■ **Exercise requirements**:
Apart from the pictures, every line below needs to be reproduced verbatim.

■ **Record set**:
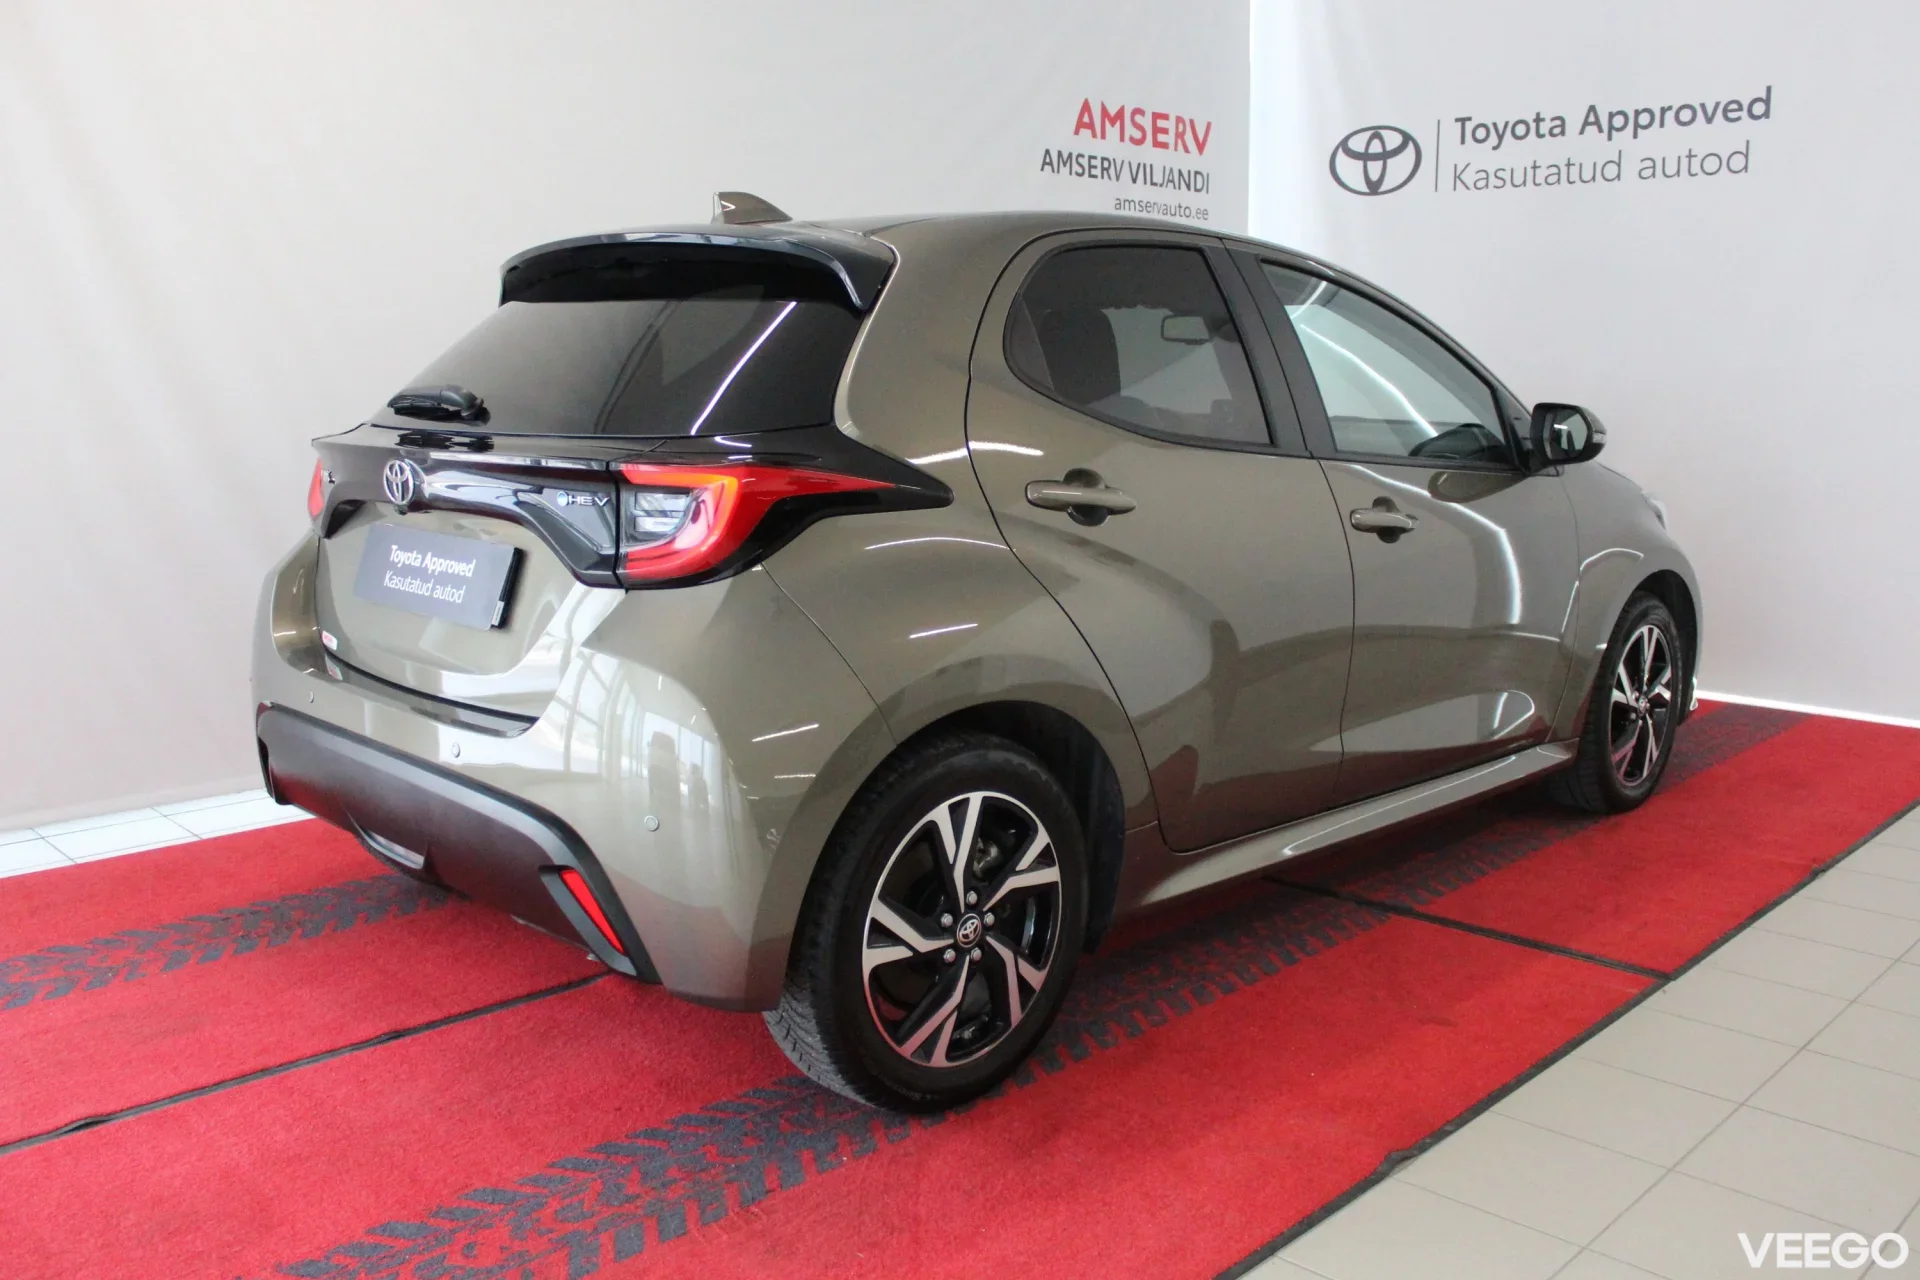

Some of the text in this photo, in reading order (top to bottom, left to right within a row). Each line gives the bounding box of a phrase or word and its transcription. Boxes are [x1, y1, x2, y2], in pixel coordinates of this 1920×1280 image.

[1073, 97, 1212, 156] AMSERV
[1454, 85, 1772, 151] Toyota Approved
[1040, 148, 1210, 194] AMSERV VILJANDI
[1452, 139, 1750, 191] Kasutatud autod
[1114, 197, 1209, 220] amservauto.ee
[568, 495, 610, 506] HEV
[390, 544, 476, 578] Toyota Approved
[383, 569, 466, 604] Kasutatud autod

■ **Solution to the problem**:
Some of the text in this photo, in reading order (top to bottom, left to right within a row). Each line gives the bounding box of a phrase or word and its transcription. Boxes are [x1, y1, x2, y2], in pixel coordinates of this 1920×1280 image.

[1073, 97, 1212, 156] AMSERV
[1454, 85, 1772, 151] Toyota Approved
[1040, 148, 1210, 194] AMSERV VILJANDI
[1452, 139, 1750, 191] Kasutatud autod
[1114, 197, 1209, 220] amservauto.ee
[568, 495, 610, 506] HEV
[390, 544, 476, 578] Toyota Approved
[383, 569, 466, 604] Kasutatud autod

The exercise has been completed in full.